NEW YORK - The male half of a mother-and-son grifter team convicted of murdering an elderly millionaire has finally admitted killing her and said her body was dumped somewhere in New Jersey, according to published reports.
Kenneth Kimes, 25, told police during an interview Tuesday that he threw Irene Silverman's body into a ditch at a New Jersey construction site, newspapers reported Thursday.
The confession comes after 28 months when both Kimes and his mother, Sante, denied any wrongdoing.
''He said he dumped her in a hole and covered her up with tarp that was there,'' the New York Daily News quoted an unidentified source as saying. ''He had trouble describing the exact location, but what he described was close to water.''
Silverman, a former Radio City Music Hall dancer and widow of a real estate millionaire, vanished from her East 65th Street townhouse on July 5, 1998, and her body was never found.
Despite the lack of a body, Kimes and his mother were convicted of killing her in a scheme to steal Silverman's mansion. He was sentenced to 125 years and his mother to more than 120 years.
Among the evidence cited at the trial: a forged deed that transferred her townhouse to the Kimeses for a fraction of its nearly $10 million value, loaded pistols, plastic handcuffs, $30,000 in cash, a stun gun box, syringes and a pink liquid similar to a known ''date rape'' drug.
Interviewed by investigators at the upstate Clinton Correctional Facility, Kimes did not implicate his mother and maintained she was in a Manhattan hotel while he disposed of Silverman's corpse.
Kimes decided to cooperate to upgrade his life in prison from an additional eight-year sentence of solitary confinement after taking a "Court TV" reporter hostage with a pen to her throat during a prison interview last month, newspapers quoted sources as saying.
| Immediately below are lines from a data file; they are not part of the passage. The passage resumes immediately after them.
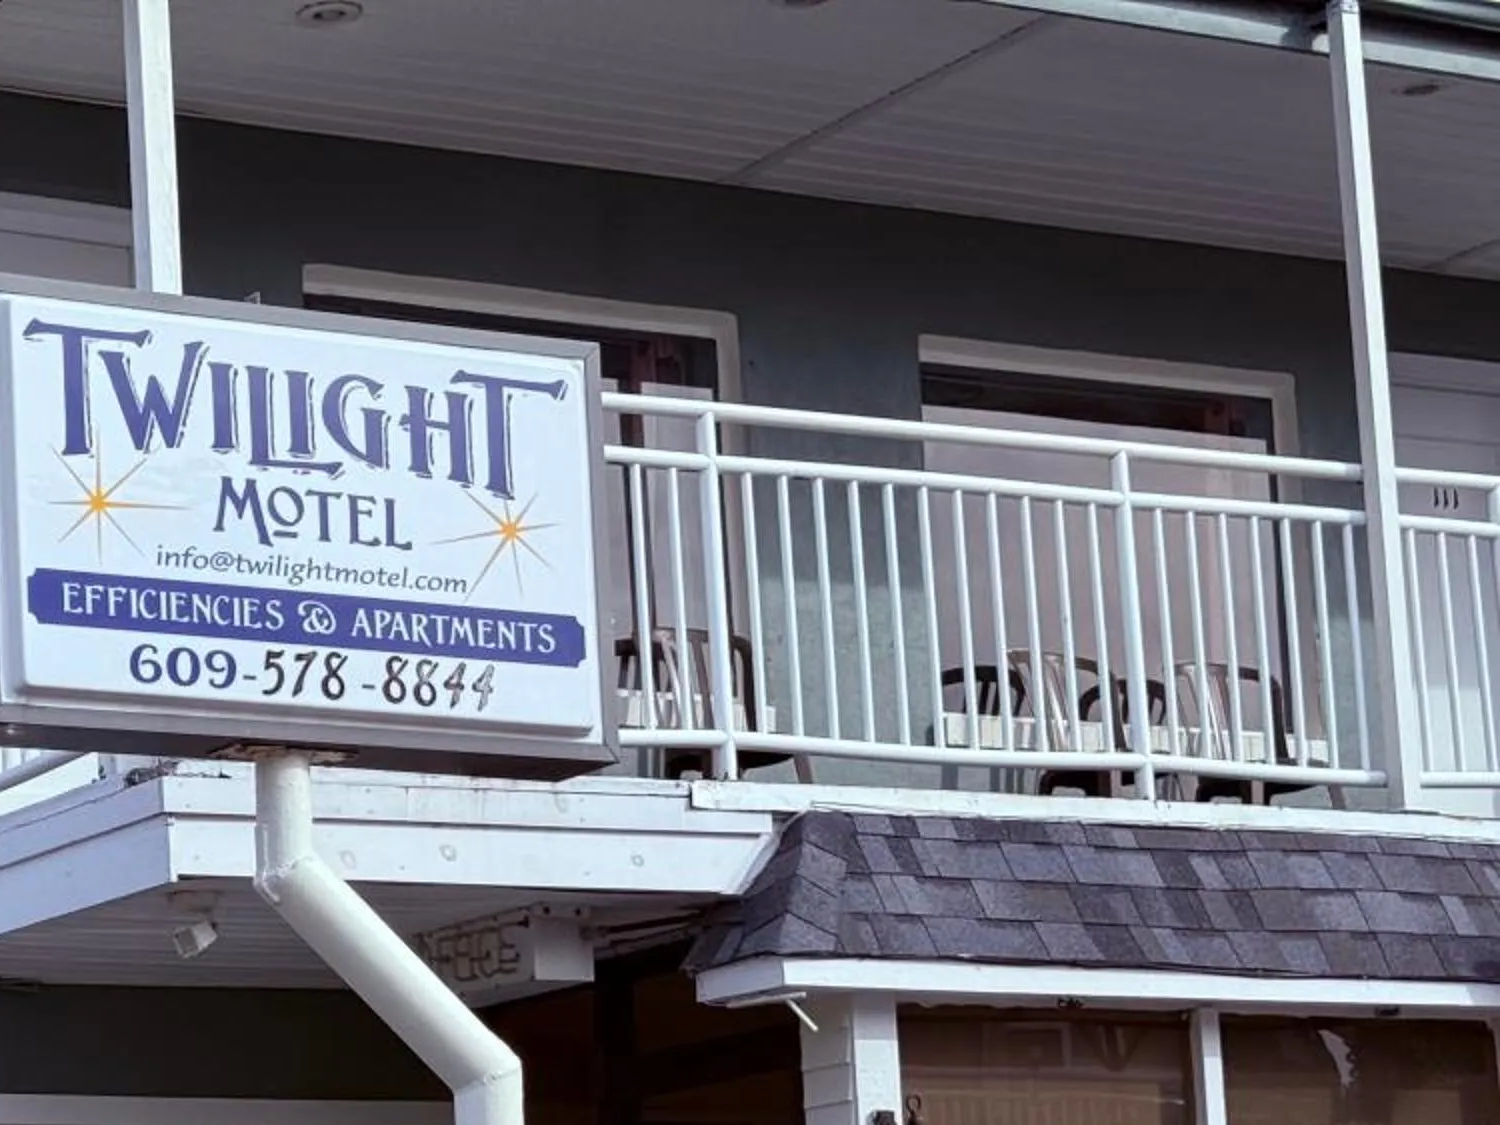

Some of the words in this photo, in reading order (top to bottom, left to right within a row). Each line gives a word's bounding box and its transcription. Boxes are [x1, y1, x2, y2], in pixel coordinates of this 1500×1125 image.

[22, 317, 568, 500] TWILIGHT
[212, 475, 414, 552] MOTEL
[155, 544, 468, 594] info@twilightmotel.com
[61, 581, 285, 631] EFFICIENCIES
[351, 608, 557, 653] APARTMENTS
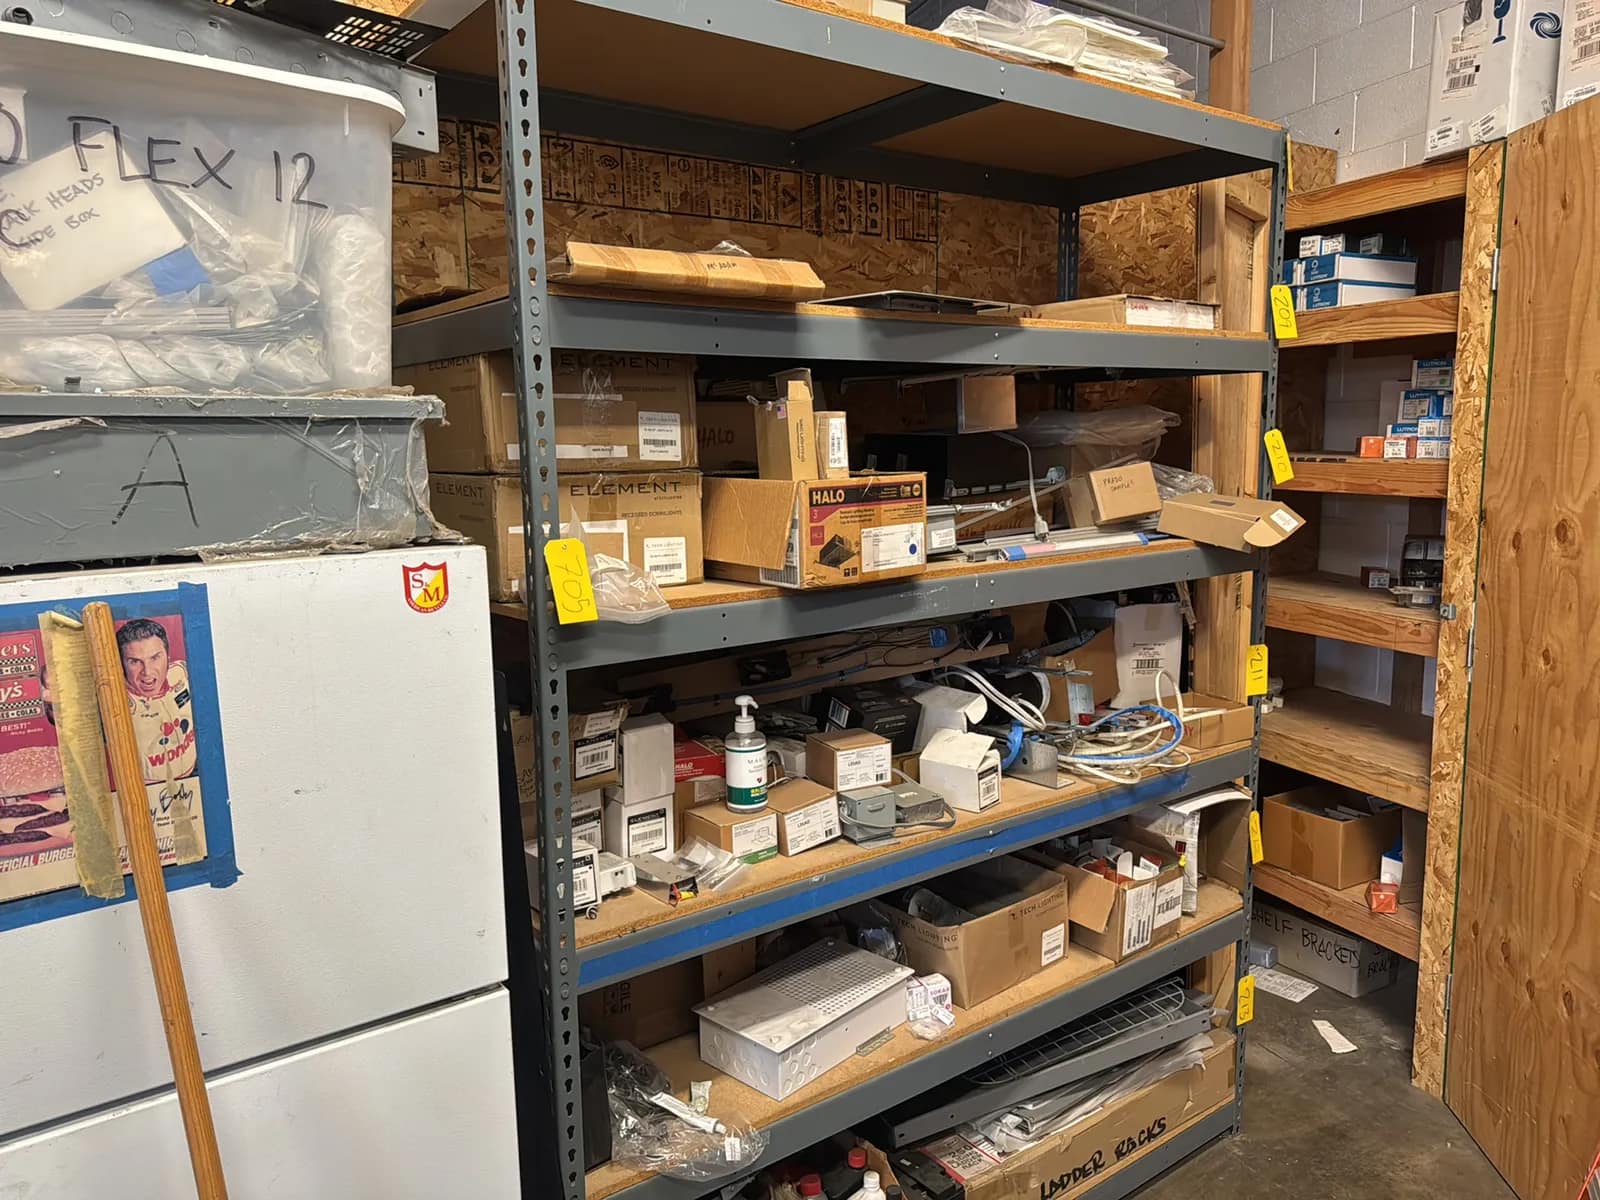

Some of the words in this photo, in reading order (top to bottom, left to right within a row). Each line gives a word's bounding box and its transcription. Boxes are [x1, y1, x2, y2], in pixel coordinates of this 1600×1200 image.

[67, 115, 236, 190] FLEX
[273, 149, 330, 209] 12
[46, 172, 105, 209] HEADS
[64, 208, 101, 229] BOX
[559, 353, 673, 369] ELEMENT
[111, 433, 200, 527] A
[436, 482, 484, 498] ELEMENT
[569, 481, 682, 497] ELEMENT
[812, 489, 845, 505] HALO
[1019, 905, 1038, 917] TECH
[1301, 927, 1361, 969] BRACKETS
[1040, 1150, 1106, 1200] LADDER
[1114, 1116, 1167, 1161] RACKS
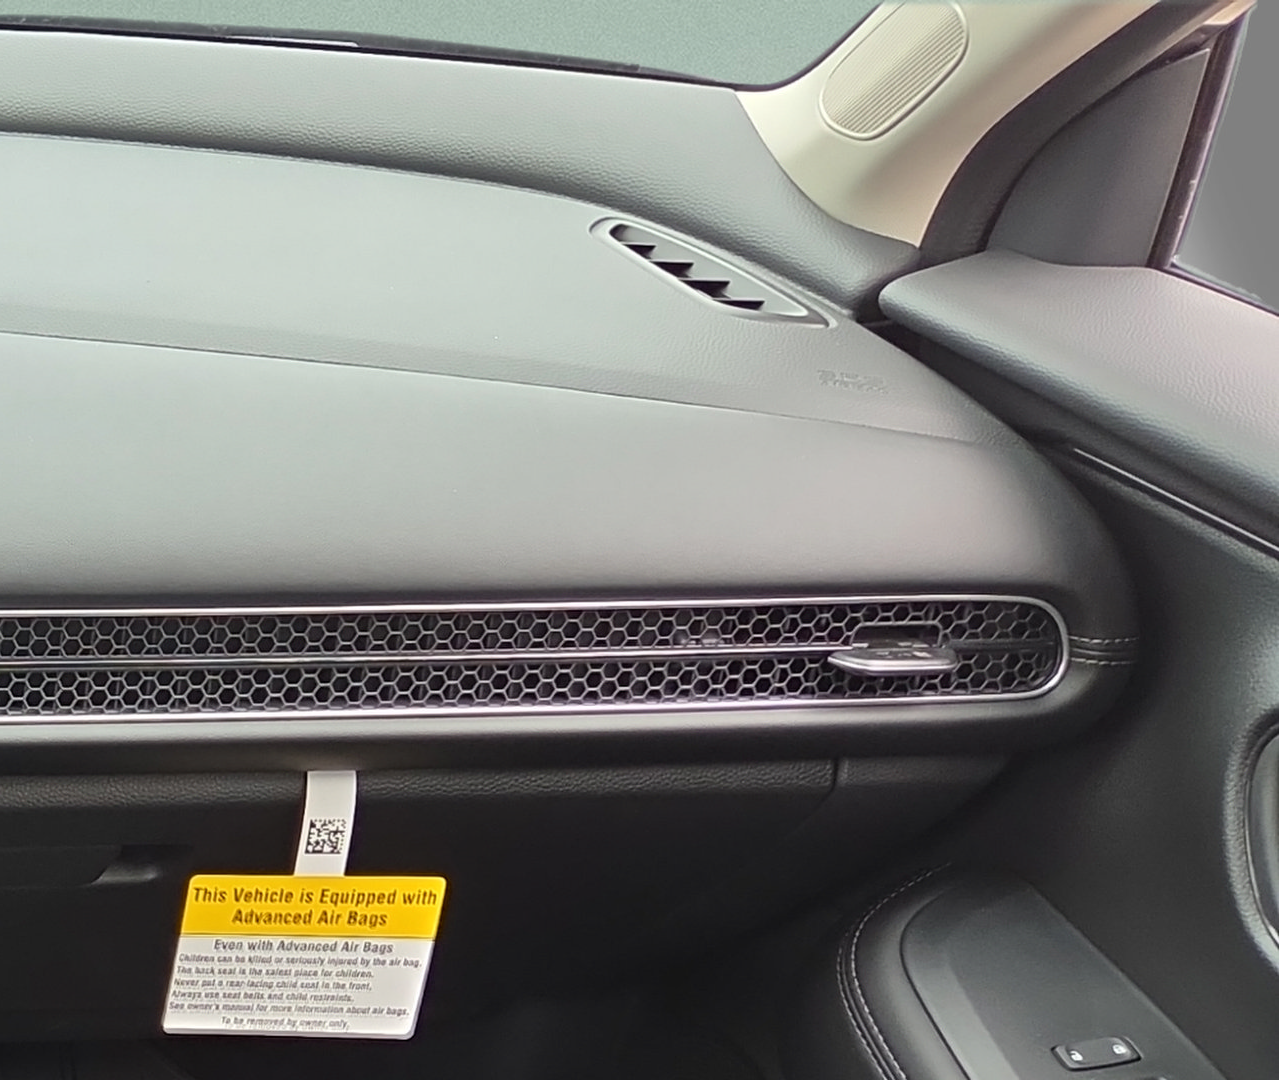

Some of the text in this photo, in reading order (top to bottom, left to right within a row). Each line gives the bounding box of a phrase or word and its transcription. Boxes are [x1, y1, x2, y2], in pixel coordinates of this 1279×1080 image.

[194, 887, 437, 908] This Vehicle is Equipped with
[231, 908, 388, 928] Advanced Air Bags
[213, 939, 394, 955] Even with Advanced Air Bags
[179, 953, 215, 963] Children
[217, 955, 232, 963] can
[234, 955, 246, 963] be
[248, 955, 273, 964] killed
[285, 956, 325, 966] seriously
[327, 957, 359, 966] injured
[360, 958, 371, 967] by
[373, 958, 387, 966] the
[388, 958, 401, 966] air
[403, 958, 422, 968] bag.
[177, 966, 192, 974] The
[194, 966, 215, 975] back
[218, 967, 236, 975] seat
[249, 967, 263, 975] the
[265, 967, 292, 976] safest
[293, 968, 319, 977] place
[321, 969, 332, 977] for
[335, 969, 374, 978] children.
[174, 978, 199, 987] Never
[201, 979, 216, 988] put
[276, 980, 298, 988] child
[300, 981, 319, 989] seat
[332, 981, 346, 989] the
[171, 990, 202, 1000] Always
[204, 991, 220, 999] use
[222, 991, 241, 999] seat
[243, 991, 264, 999] belts
[267, 992, 283, 1000] and
[285, 993, 308, 1001] child
[169, 1001, 185, 1010] See
[222, 1003, 254, 1011] manual
[256, 1004, 268, 1012] for
[294, 1005, 344, 1013] information
[346, 1006, 370, 1014] about
[372, 1007, 385, 1015] air
[386, 1007, 410, 1017] bags.
[222, 1016, 231, 1024] To
[246, 1017, 285, 1025] removed
[287, 1018, 297, 1027] by
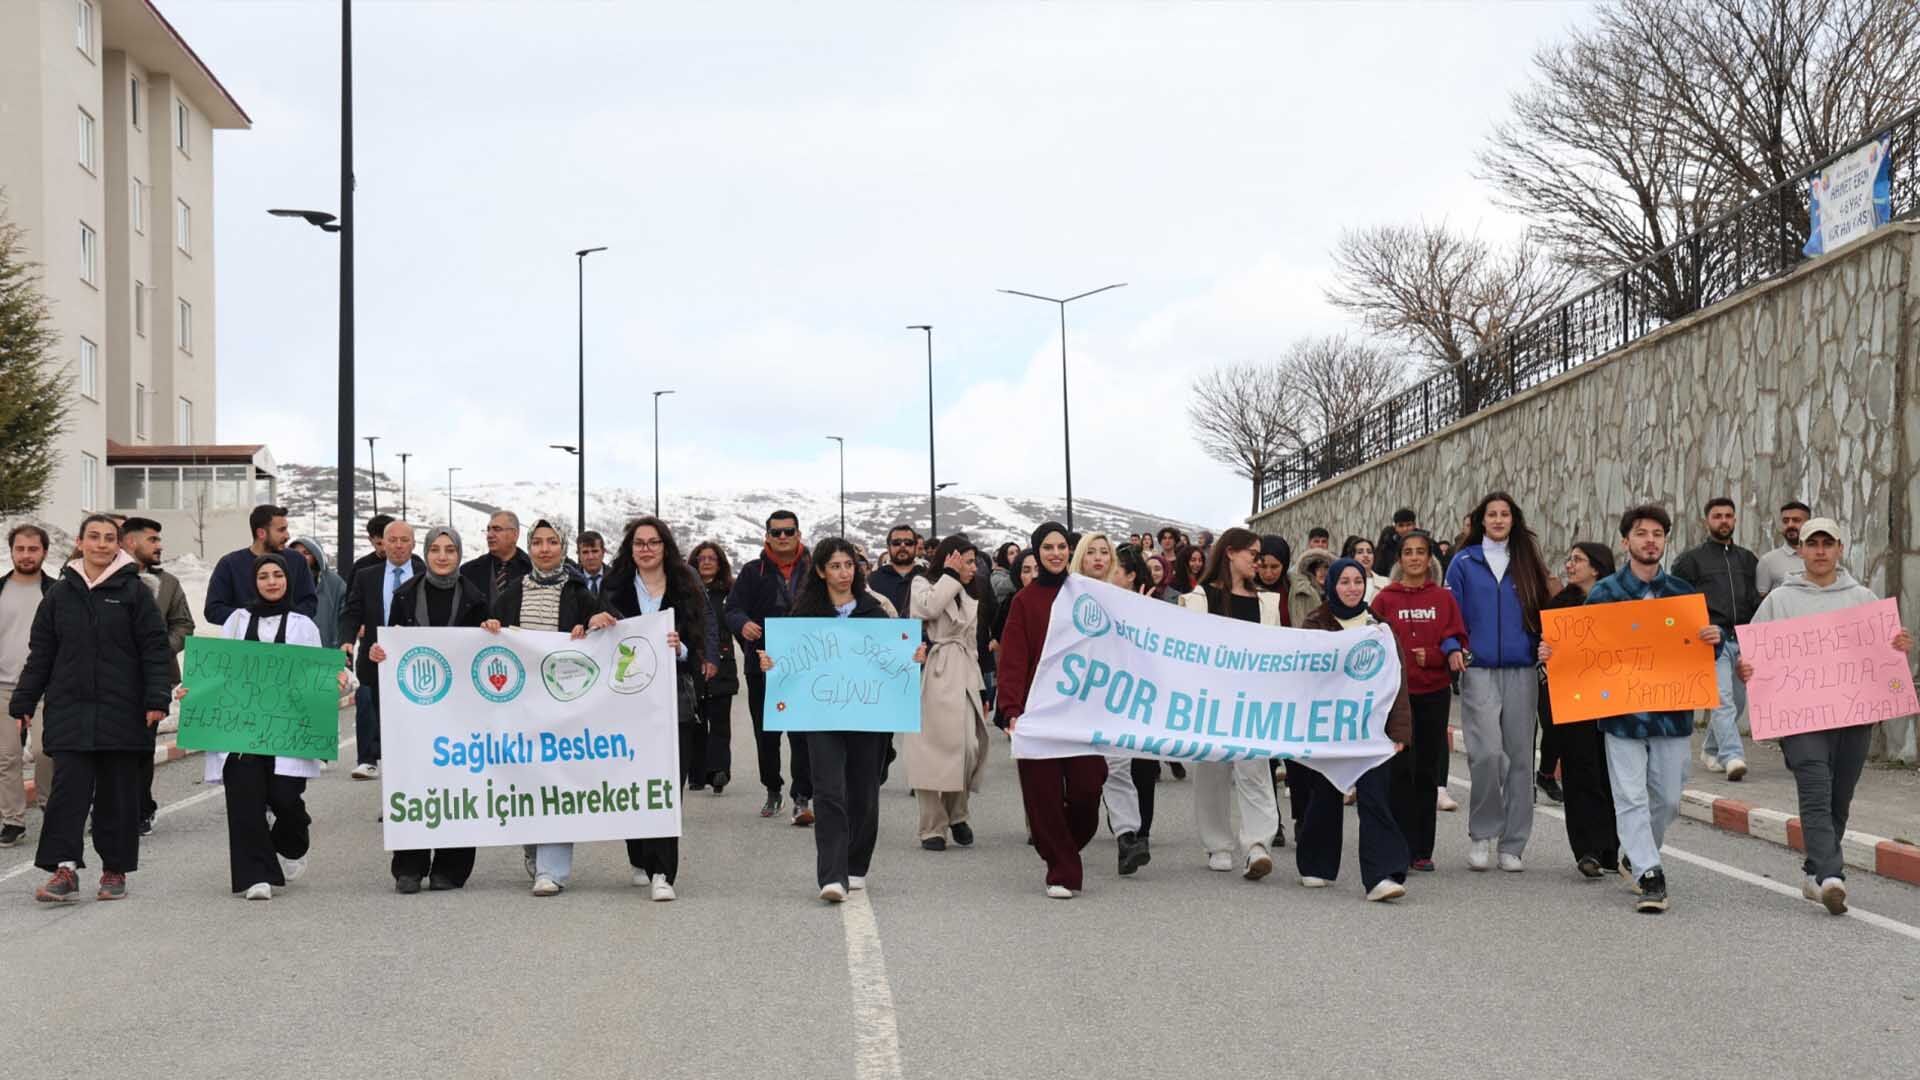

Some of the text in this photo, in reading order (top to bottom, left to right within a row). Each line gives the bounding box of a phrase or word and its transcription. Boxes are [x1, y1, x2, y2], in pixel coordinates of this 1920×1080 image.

Kimes was protesting the pending extradition of his mother to California for separate murder trial.
The producer, Maria Zone, was freed after about four hours when a prison official managed to distract Kimes and guards jumped in and wrestled him to the floor. She was sore but otherwise unharmed.
Kimes' lead defense attorney, Mel Sachs, told the News he was surprised at the confession.
''He's always adamantly denied his involvement in the disappearance of Irene Silverman,'' Sachs said.
Kimes didn't tell police the exact location of the Silverman's body but said it took him almost an hour to drive from Silverman's home to the site, the reports said. Police are considering the best way to begin another search and might seek court permission to remove Kimes from prison and drive him around to jog his memory.
The two are also charged in the March 1998 slaying of California businessman David Kazdin, whose body was found in a Dumpster near Los Angeles International Airport. That trial is expected to begin next year, and they could face the death penalty.